The goings on of day-to-day living, the ins and outs of the world here, translated…
By March, April, as the weather’s warming up, the temperatures would sometimes be cool, sometimes, get hot, it’s, a time when the earth is, changing, the animals, awakening, and I was also, warming up, readying, to enter, into, the next season too.
These past couple of months, everybody is working hard, to move our restaurant, to a new location, and so, there’s, a lot of packing, doing inventories, moving the devices, the appliances, discussing of the activities that will come at our new shop. Like how for the bear that’s been, hibernating the entire winter, and is now, awaken, and ready to move, but, the bear is still, a bit, lacking in strength, still, sleepy.

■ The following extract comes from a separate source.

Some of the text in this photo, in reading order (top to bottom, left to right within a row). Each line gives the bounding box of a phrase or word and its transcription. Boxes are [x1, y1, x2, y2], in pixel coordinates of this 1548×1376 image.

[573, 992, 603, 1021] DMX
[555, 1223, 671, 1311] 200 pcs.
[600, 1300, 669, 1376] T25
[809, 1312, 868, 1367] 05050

Because of this, I couldn’t say: all of the workers are, putting in, all that they have, to prepare for the move! Because, the next action, maybe, it isn’t, to start back up, but to, stop. The brown bear after the hibernations, had, ceased, its, bodily functions, and, it couldn’t, turn its, body around.
The streets after supper, are usually, full of action, as the cars, the scooters sped past the shopfronts, we’d, pulled away, from the noises, one night on my way home, I’d heard, “We’re, twenty years old now, but, we’re, moving away.” In the midst of all the noises I’d heard, that, was the loudest sentence I’d heard. Like I’d, found that needle, in that stack of hay, it’d felt, prickly, but, I’d, yet to, get pricked by it.

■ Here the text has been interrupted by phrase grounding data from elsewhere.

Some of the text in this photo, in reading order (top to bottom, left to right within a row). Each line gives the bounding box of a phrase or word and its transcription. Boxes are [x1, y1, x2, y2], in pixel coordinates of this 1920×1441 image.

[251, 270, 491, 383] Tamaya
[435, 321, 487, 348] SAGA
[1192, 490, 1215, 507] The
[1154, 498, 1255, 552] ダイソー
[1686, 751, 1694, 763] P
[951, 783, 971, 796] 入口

“We are twenty, but we’re, moving.”
This sounded light, but it’s, actually, quite heavy. The flourishing of the streets, in just one night, became, history, I’d, turned my head around, and couldn’t see the American diner which was still here, only six months ago, nor can I hear, the singers, performing in the bars now. Because the two shops are different, although, we’re, of the same kind of business, it’s, still, an amicable, sort of, competition, from the past, as we’d opened up shop, we can still see the waiters from the opposite of the streets, sweeping up the fallen leaves at their shopfront, in the evenings, there would be, groups of customers, sitting out, drinking, the sounds, the shadows, illuminated, from the shop decorated with black, in that, yellow lighting.

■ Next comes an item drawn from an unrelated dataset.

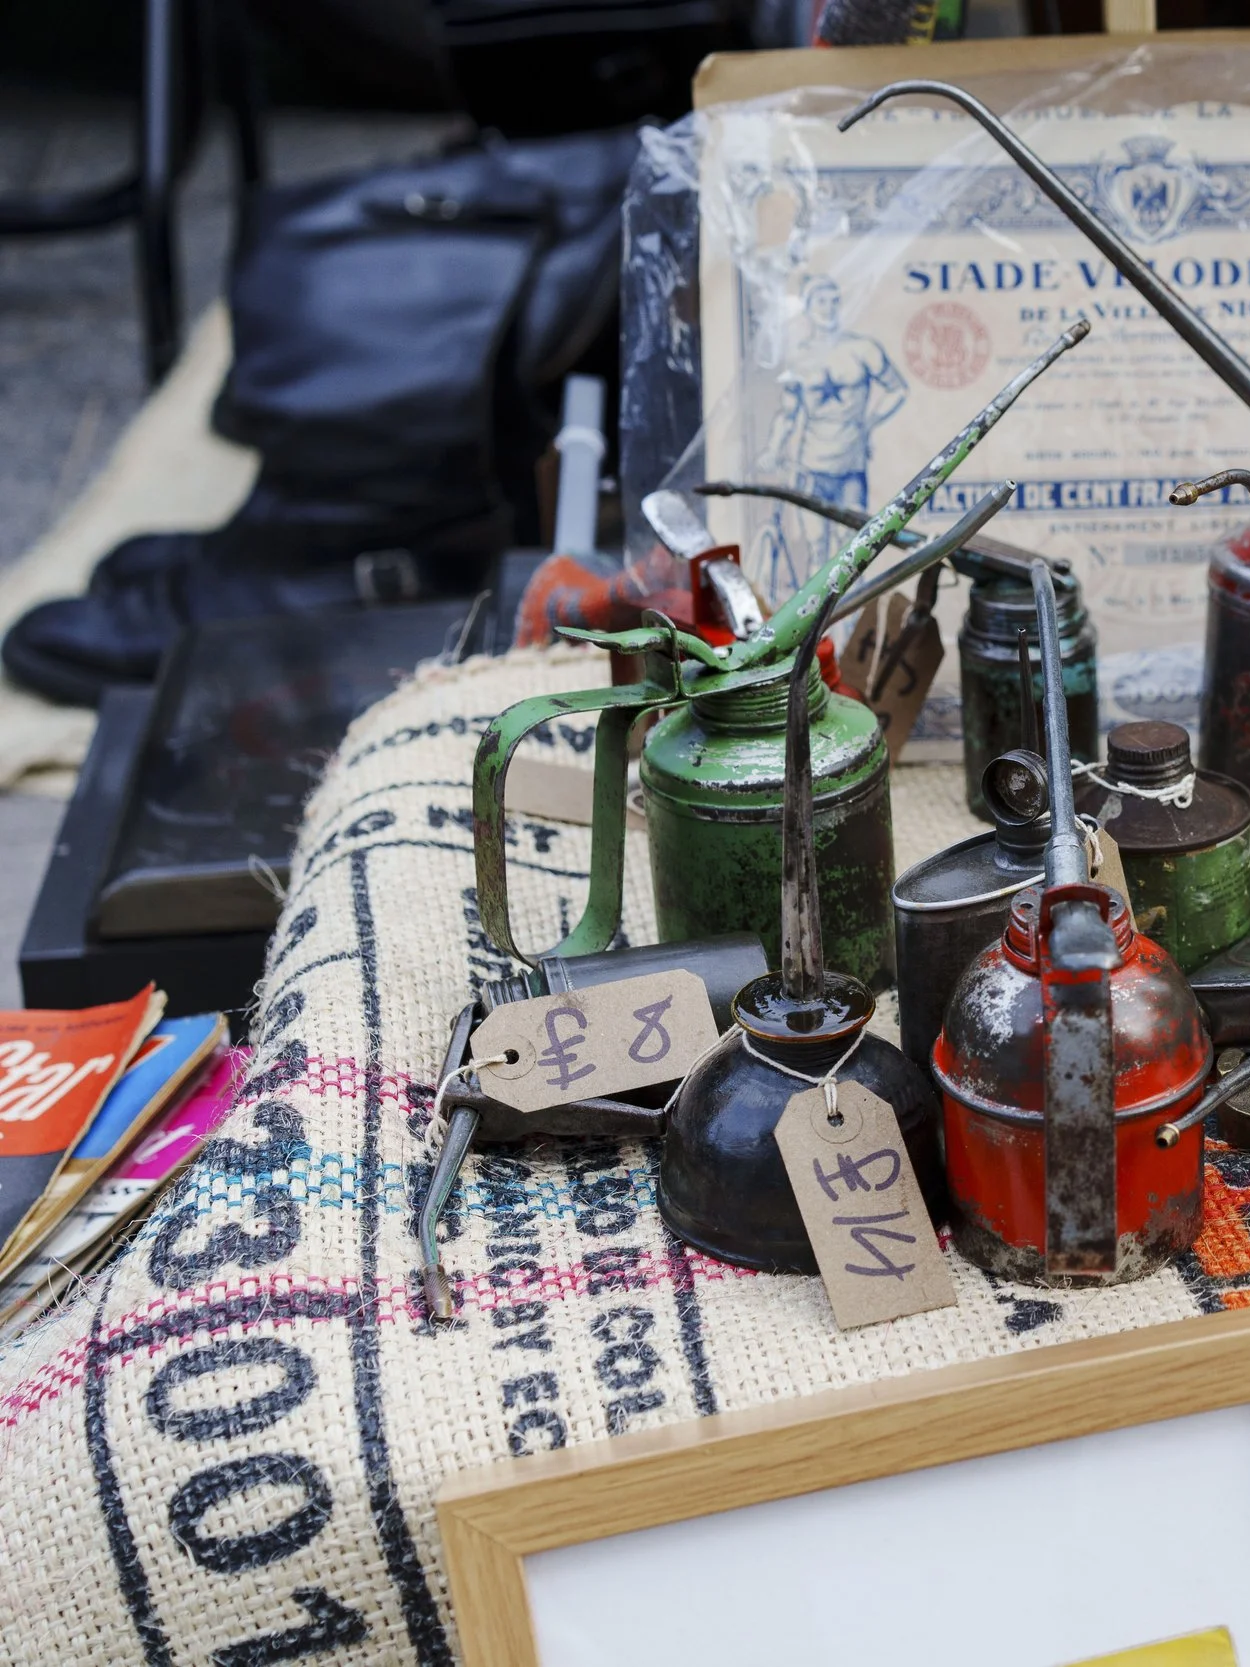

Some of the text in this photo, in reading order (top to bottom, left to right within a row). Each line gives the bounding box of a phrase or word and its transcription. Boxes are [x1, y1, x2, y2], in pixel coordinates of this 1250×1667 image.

[903, 260, 1061, 294] STADE
[1024, 483, 1056, 509] DE
[1060, 481, 1119, 508] CENT
[537, 994, 673, 1090] £ 8

It was, another sort of rich environment, it brings me, so much happiness, as I, got off work! There was, still, the voices that continued singing on in the restaurant, I’d had a good time, hearing those voices, even if, they were, only tapes, at least, there’s, still business here, the street is, still, alive.
But, if the shops didn’t bring in enough earnings, the owners not happy, then, the shops should be, closed, at least, we can, still, sing those songs happily, get drunk, then, let’s, put up the shop then.
The brown bear passed through some days of winter, slowly, aged, it’d lacked that energy from when it was, younger. The elderly brown bear before its hibernation, don’t know how long it’ll be, asleep, and, don’t know what sort of a scene will we, get to see, of these, winters that are, coming soon.
And so, this, is describing on how a once busy street became, less than, populated, and, it showed how life is, because, there’s, the growth, the primes, and dying, withering away of things, like how the shops are, opening up, and closing down, and the only thing unchanged, is the street itself.